Star Wars: Ewok III - Era Imperium

Gra PBF w świecie Star Wars, rozgrywająca się w czasach Młodego Imperium.


#106 2010-09-15 22:07:22

 Aru

Mroczny Jedi

Zarejestrowany: 2010-05-23

Re: Stołowka

Deoksyrybonuklein beta]- *Droid o jakże wdzięcznym imieniu czuł w obwodach, że coś się święci. Zdecydowanie swymi latarkami obserwował działalność Nasha z uwagą. Nie był agresywny bo go nie "gryzł", ale i nie polubił go zbytnio bo już by się jedi przekonał jak to mieć zgwałconą przez małego droida nogę. Nie musiał mieć żadnych programów czy dyrektyw typu "samce chutliwe odganiać" by nie wiedzieć co robić. Taki charakter obronny miał już gdy jeszcze jego pamięć w psie się znajdowała. Psie rasy obronnej! Ratlerka..droid jednak obecnie wpatrywał się w wielkim skupieniu w twarz jedi, tuż przy jego lewej kostce się znajdując i szeroko rozwarte mając powieko-skrzydełka przy swych dużych fotoreceptorach,a chwytne górne kończyny zaciskały i rozluźniały swe trzy paluchy*

//to jest npc, Solusowy,a jako że doktorek to ma postać, piszę z tego konta z braku chęci na logowanie u psorka ;] Jak by się przedłużało z mej strony nie odpisywanie, Regina może opisać co chce w związku z zachowaniem Deosia,ona wie.//

Ostatnio edytowany przez Aru (2010-09-15 22:09:20)


Droideka? I'm lovin it!
A tak wygląda Aru bez żadnych kapturów itp(pełny art, w mojej kp):

http://img641.imageshack.us/img641/5713/arurua.jpg

Offline

 

#107 2010-09-15 22:12:13

Regina

Medyk

Zarejestrowany: 2010-07-20

Re: Stołowka

*tylko ze ona wcale nie miała zamiaru go uwodzić. Dżedajów nie wolno. Przechodzą wtedy na ciemną stronę i dzieją się straszne rzeczy. Tak było na każdym filmie. Bez wątpienia łagodna krzywizna jej pleców przedłużona dalej ramionami opartymi o tę szybę mogła wyglądać kusząco. Ale w tej chwili tak dla odmiany w ogóle o tym nie myślała.*
Nie wiem, czy taki ciekawy *skrzywiła się nieznacznie. Kotlety takie, makie, jakiś gulasz, kilka potraw a’la kuchnia kalmarianska, obok różne rodzaje wypełniaczy typu „frytki”. Nóżki wyszły…*
No dobra, to w takim razie… skoro mam proponować to to to i to i sałatkę tą. Dwa razy *zamówiła pokazując palcem a każdym razem, a śpiąca królewna zza szyby zaczęła nakładać*

Offline

 

#108 2010-09-15 22:16:03

 Nash

Padawan

8466324
Zarejestrowany: 2010-04-23

Re: Stołowka

Nash tylko się uśmiechnął i spojrzał na droida. Dziwne było jego zachowanie, jakby go pilnował nie wiedzieć czemu.
-Teraz tylko pozostaje nam wybrać miejsce... -powiedział i rozejrzał się po sali na chwilkę odwracając się od lady i Reginy. Kiedy już upatrzył jakieś miejsce odwrócił się i zapytał.
-Powiedz mi jak długo już tu jesteś? Ty i Twój ojciec?
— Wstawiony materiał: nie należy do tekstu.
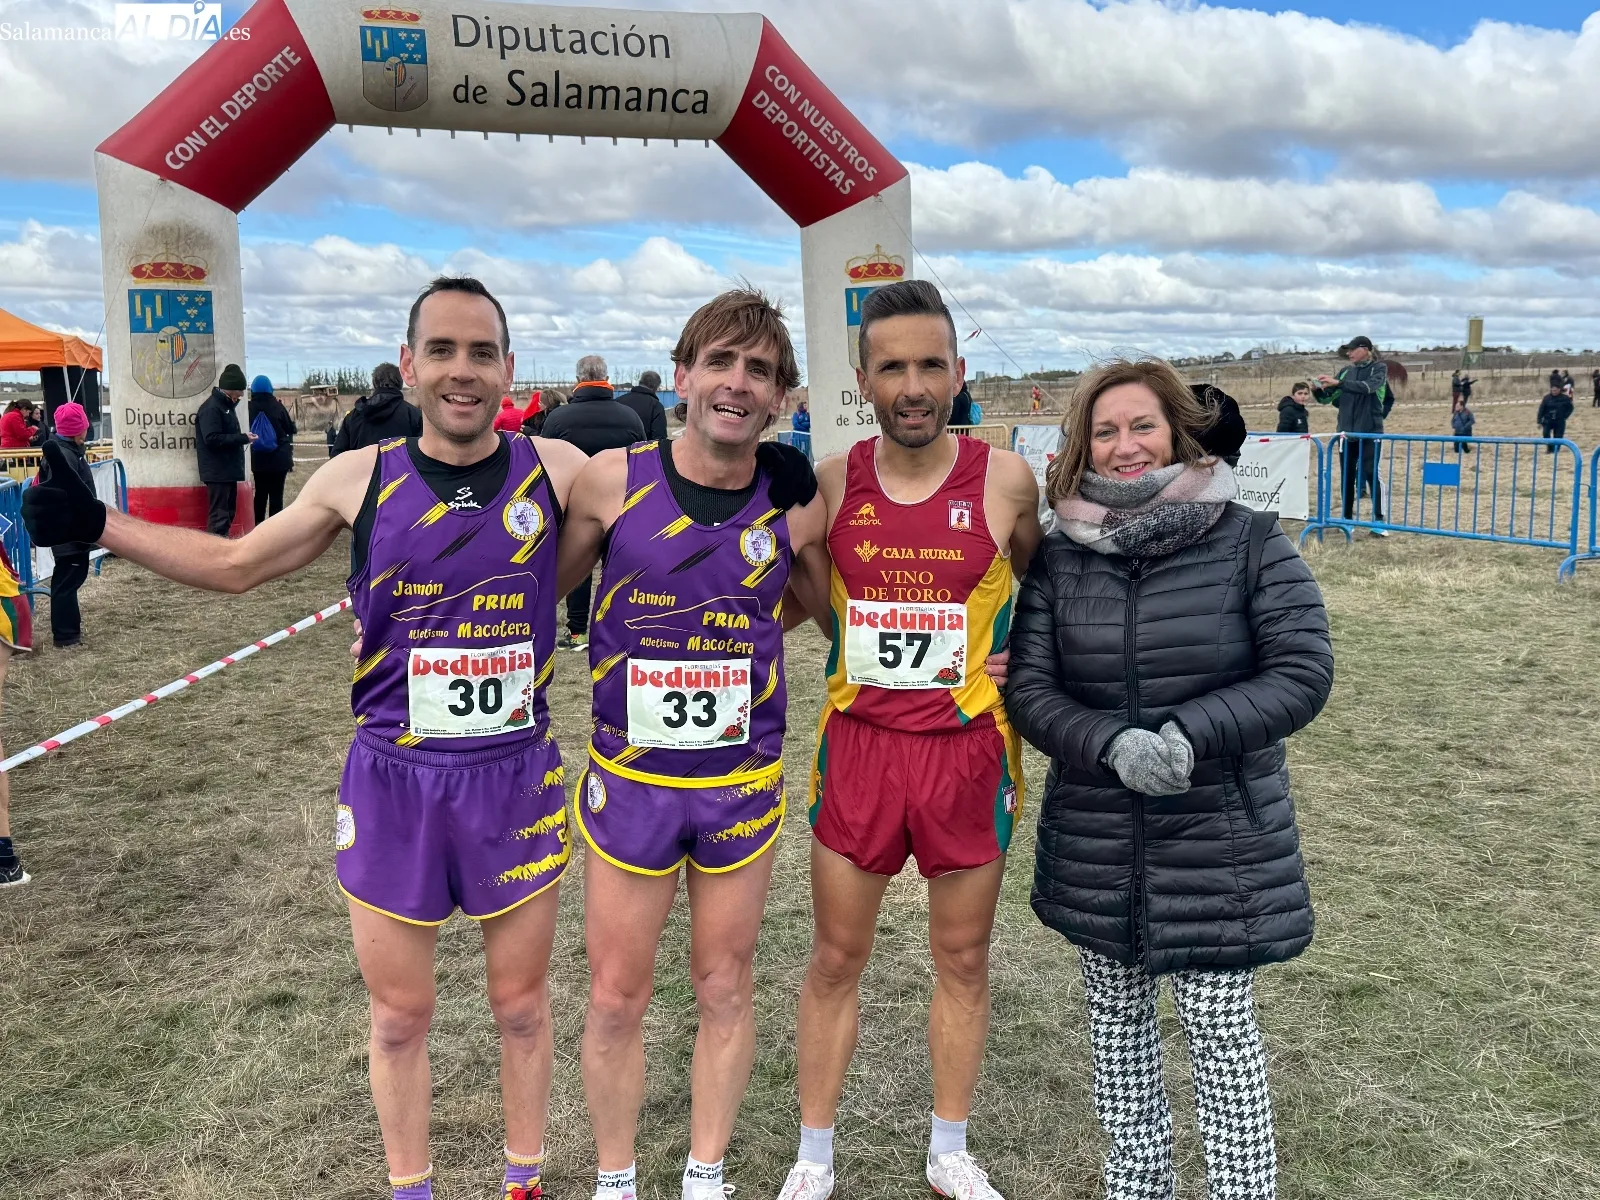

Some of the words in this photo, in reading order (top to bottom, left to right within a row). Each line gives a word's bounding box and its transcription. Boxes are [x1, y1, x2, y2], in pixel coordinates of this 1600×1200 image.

[451, 13, 671, 60] Diputación
[452, 75, 488, 104] de
[506, 69, 709, 114] Salamanca
[164, 130, 208, 170] CON
[199, 115, 230, 140] EL
[220, 45, 302, 121] DEPORTE
[764, 65, 802, 104] CON
[797, 98, 878, 182] NUESTROS
[751, 89, 856, 195] DEPORTISTAS
[836, 414, 850, 427] de
[121, 434, 133, 449] de
[139, 431, 197, 450] Salam
[882, 547, 916, 560] CAJA
[918, 547, 965, 561] RURAL
[880, 569, 934, 585] VINO
[392, 580, 444, 597] Jamón
[628, 588, 677, 607] Jamón
[863, 586, 889, 601] DE
[893, 587, 952, 603] TORO
[472, 592, 525, 612] PRIM
[456, 619, 531, 639] Macotera
[702, 610, 750, 630] PRIM
[849, 605, 964, 631] bedunia
[686, 635, 755, 655] Macotera
[878, 631, 932, 669] 57
[412, 650, 533, 677] bedunia
[630, 664, 748, 689] bedunia
[447, 677, 503, 717] 30
[662, 690, 717, 729] 33
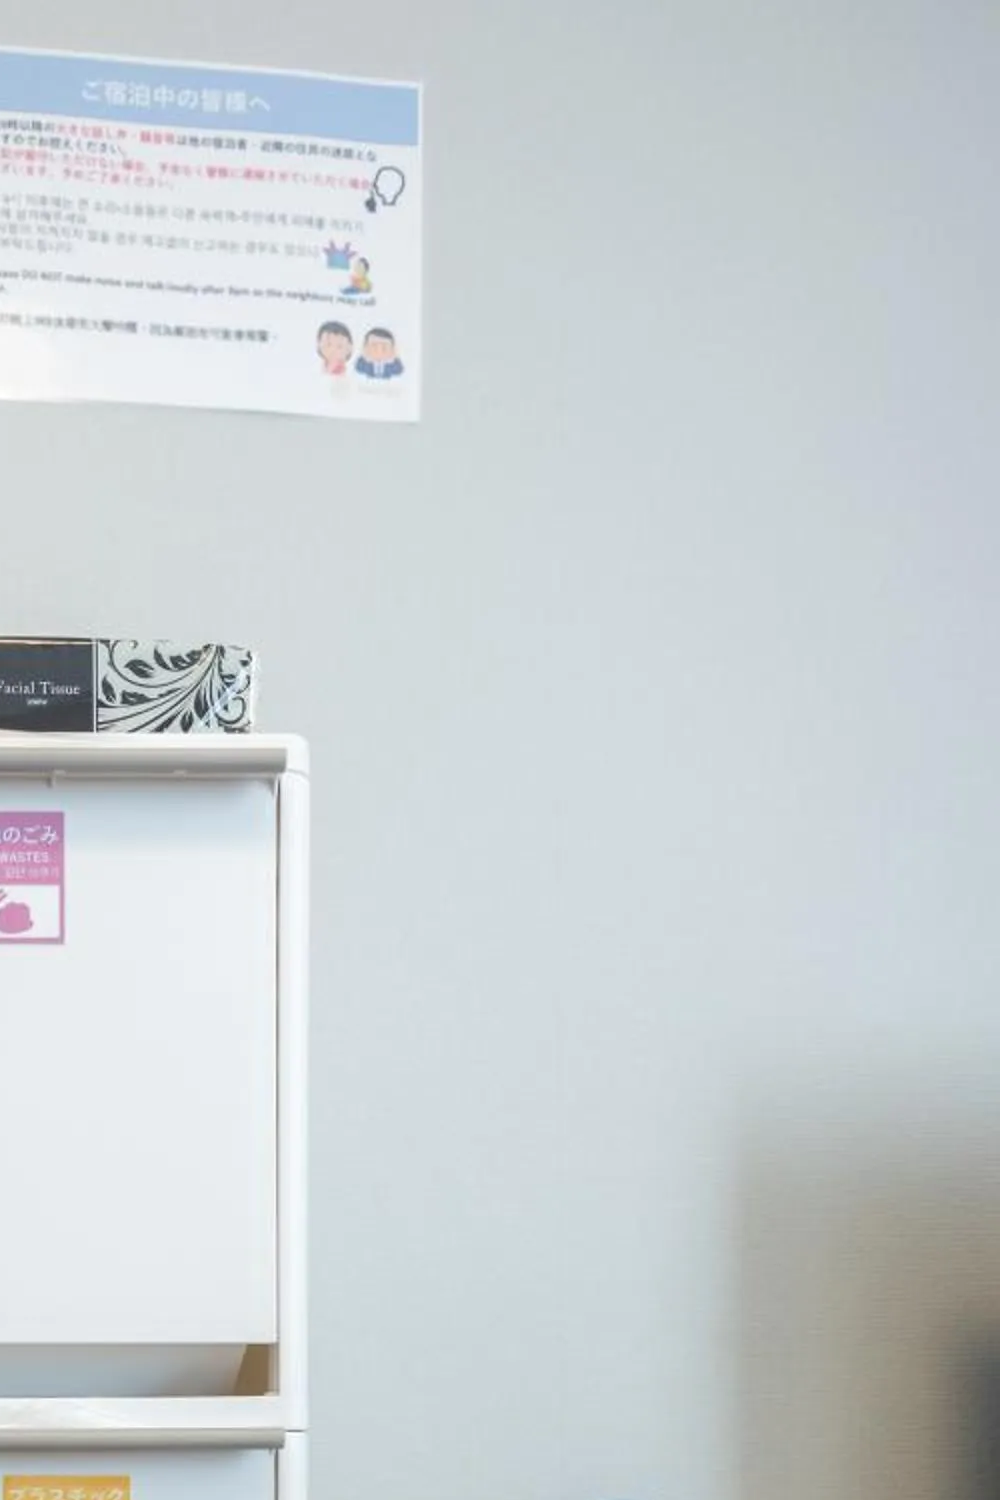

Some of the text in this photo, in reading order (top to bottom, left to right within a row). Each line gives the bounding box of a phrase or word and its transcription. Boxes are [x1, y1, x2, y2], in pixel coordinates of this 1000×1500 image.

[81, 79, 271, 113] ご宿泊中の皆様へ
[39, 680, 81, 696] Tissue
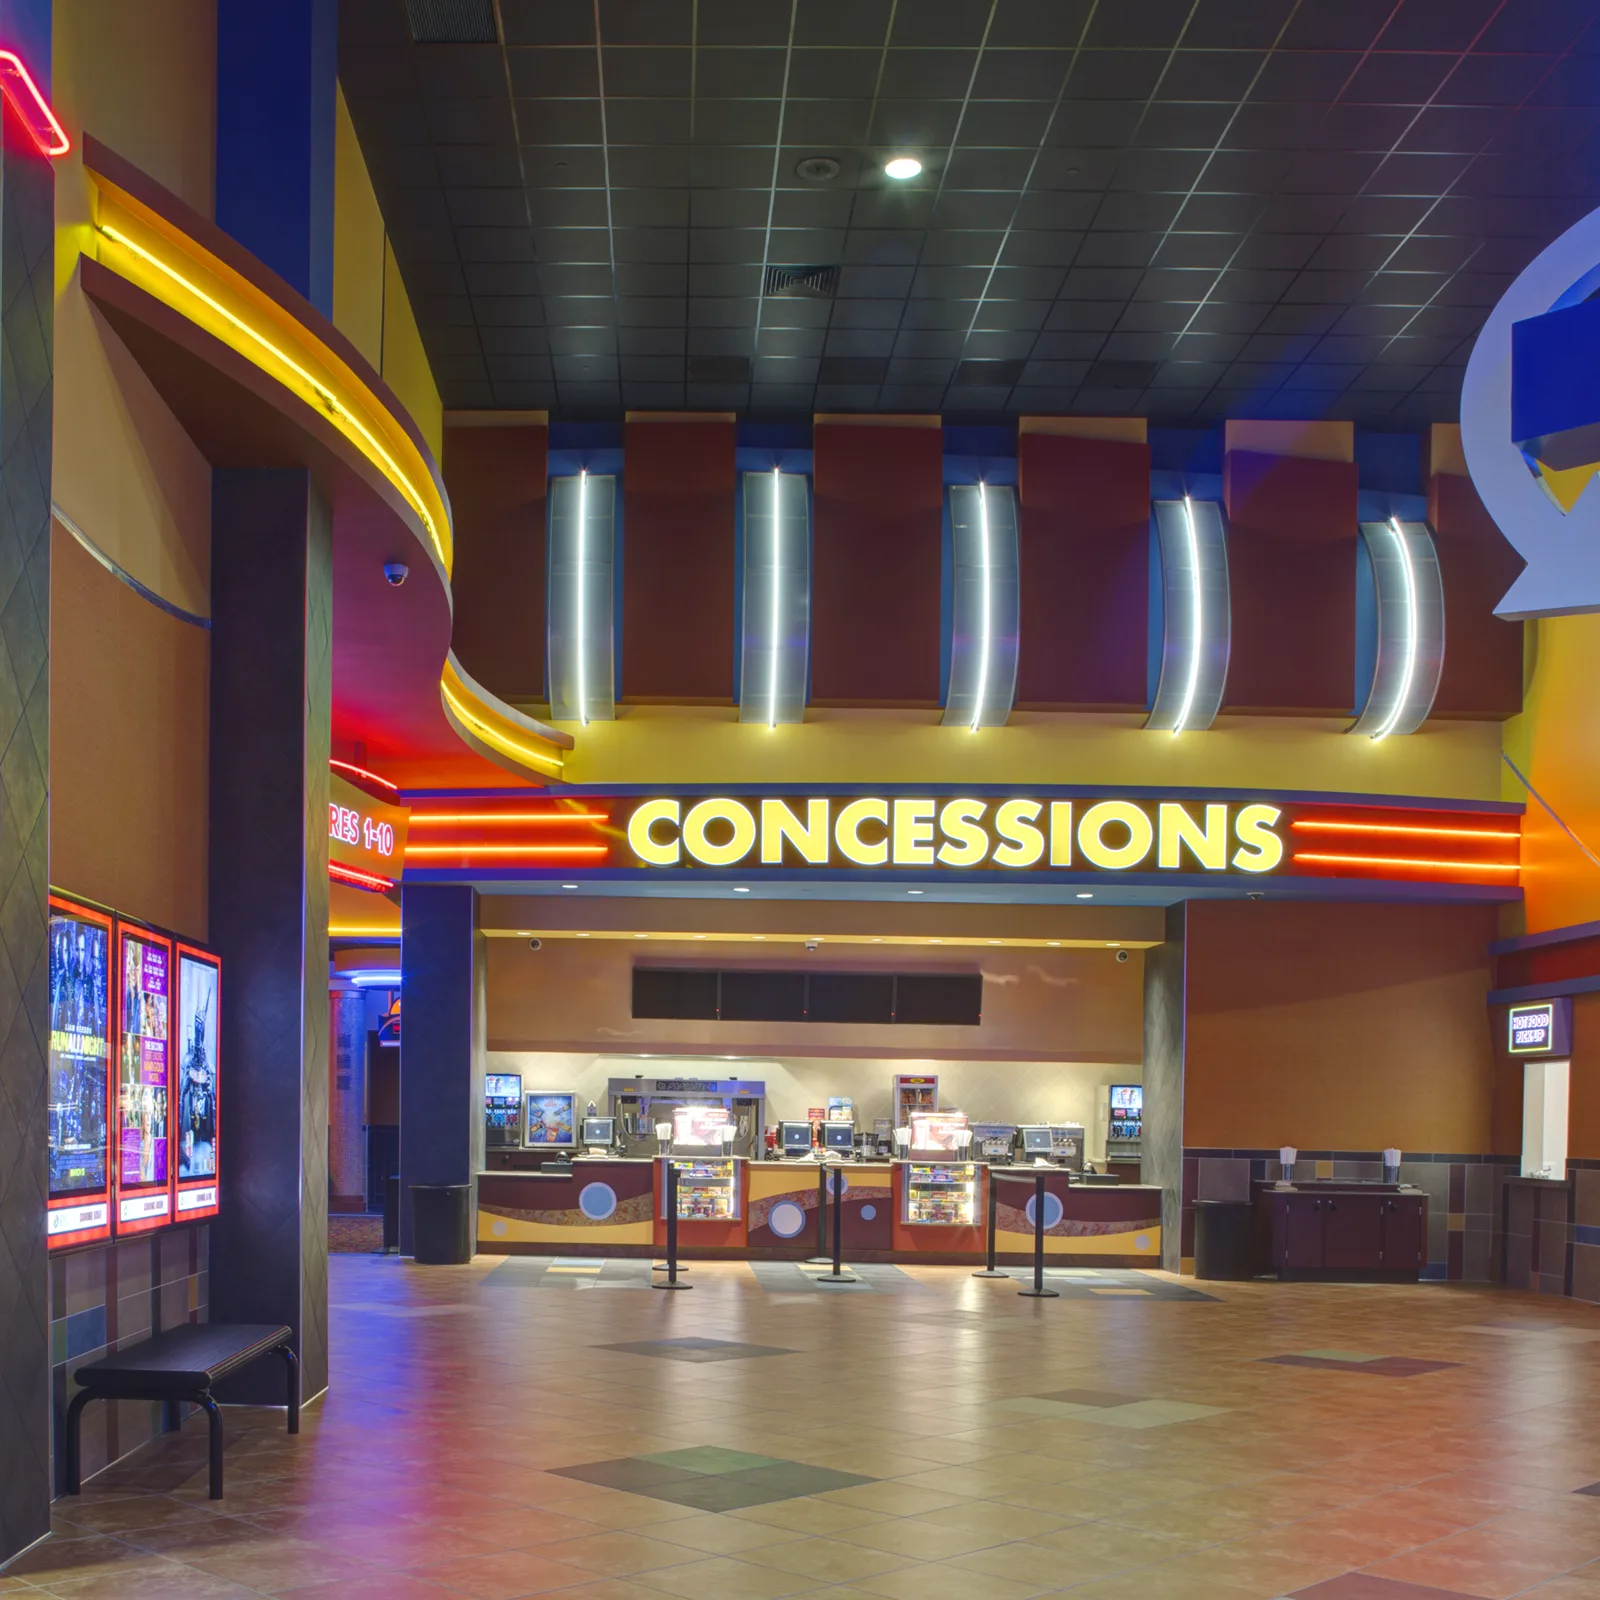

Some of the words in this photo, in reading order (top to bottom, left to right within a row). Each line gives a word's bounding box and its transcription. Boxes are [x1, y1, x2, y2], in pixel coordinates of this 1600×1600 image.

[364, 816, 394, 856] 1-10
[627, 797, 1284, 872] CONCESSIONS
[1512, 1016, 1527, 1030] HOT
[1527, 1013, 1549, 1028] FOOD
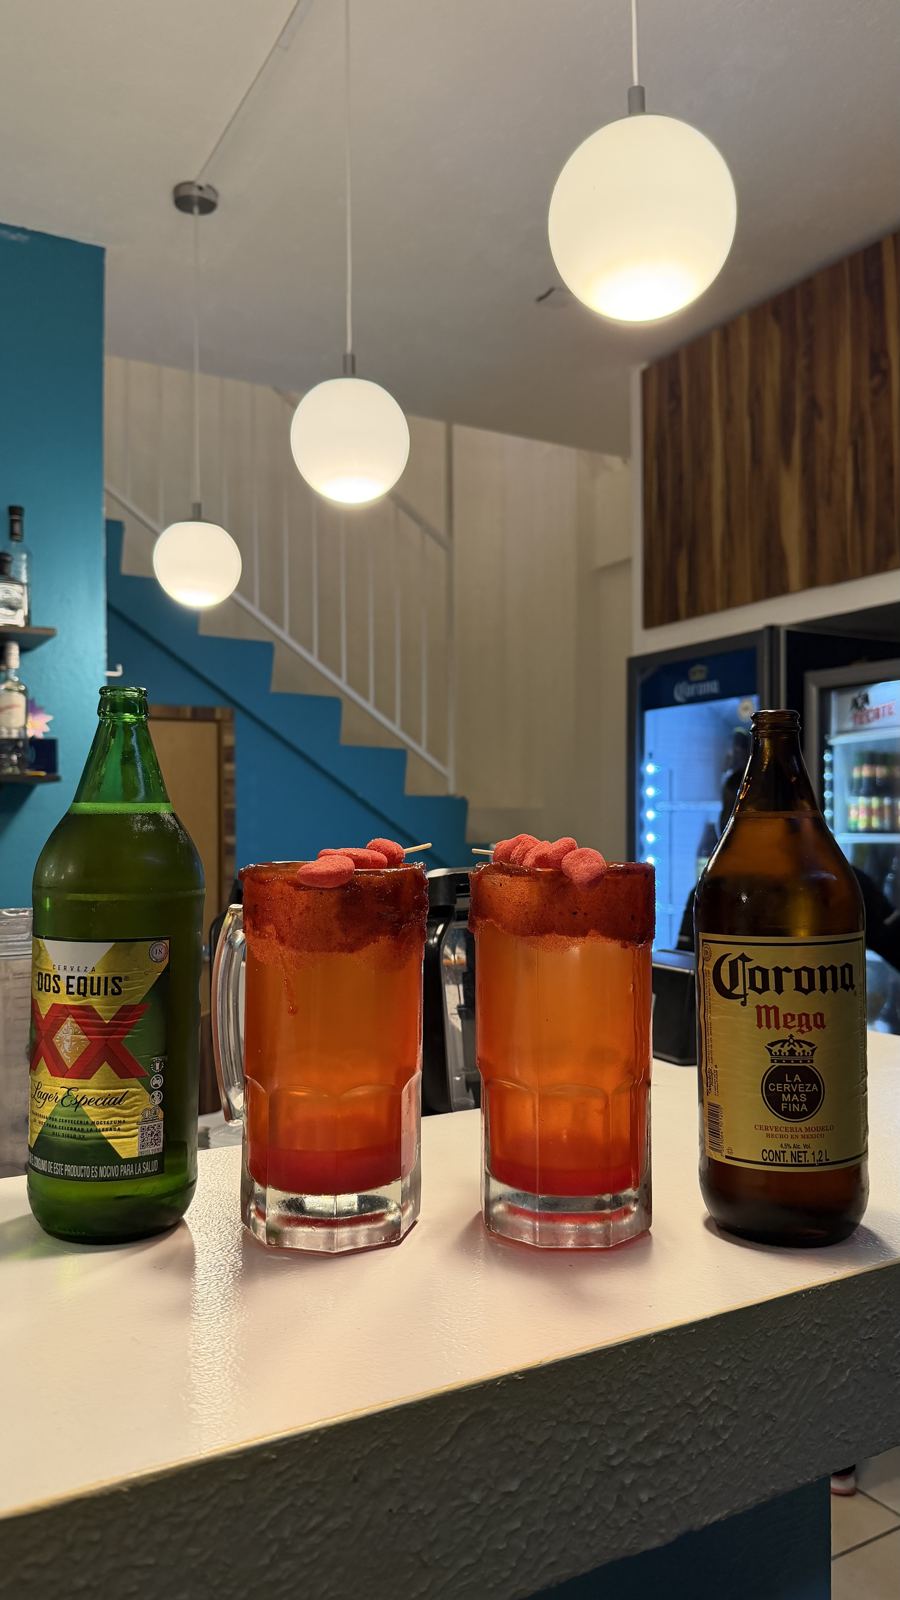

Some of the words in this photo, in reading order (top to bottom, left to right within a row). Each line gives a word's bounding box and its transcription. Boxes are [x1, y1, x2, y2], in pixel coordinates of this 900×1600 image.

Aktualnie przebywa na: Tajemniczy statek.

Offline

 

#109 2010-09-15 22:22:08

Regina

Medyk

Zarejestrowany: 2010-07-20

Re: Stołowka

*W mesie jak zwykle nie było tloku. Regina wiedziała kiedy tu chodzić byz  tymi robolami wszystkimi nie siedzieć. Albo nie z tym pomyleńcem Addikiem z mostka.*
Dwa miesiace. Coś koło tego, tutaj czas się dłuży… *odparła, odbierając tacki z  jedzeniem, i z gracją poszła z nimi do wybranego przez Nasha stolika* Nie tak to sobie wyobrażałam. Życie na statku – to nie jest łatwe. Całe zycie spędziłam na Couruscant, a  to… tu każdy każdego zna… opowiada sny, gada na innych, plotkuje, albo się zwierza… tak jakby się miało bardzo dużo różnych przyjaciół. Bardzo bliskich. Taka… wieś *zachichotała i rozsiadła się przy swoim zarciu* smacznego

Offline

 

#110 2010-09-15 22:28:52

 Nash

Padawan

8466324
Zarejestrowany: 2010-04-23

Re: Stołowka

Regina szybko ruszyła z tackami, tak szybko że nawet nie zdążył jej wyręczyć. Widział jednak, że kotka z gracją przechodziła przez sale. Nash ruszył za nią. Kiedy już zajęli miejsca i Nash usłyszał porównanie statku do wsi lekko się uśmiechnął. Co jak co, ale wydawał się przyznać rację Reginie. Fakt, w tak małych społecznościach, bo i taką była załoga statku jak i goście na nim przebywający każdy zna każdego lub każdemu tak się zdaje, plotki, intrygi o to bardzo łatwo.
-Dziękuję, wzajemnie... -odparł i chwycił za widelec.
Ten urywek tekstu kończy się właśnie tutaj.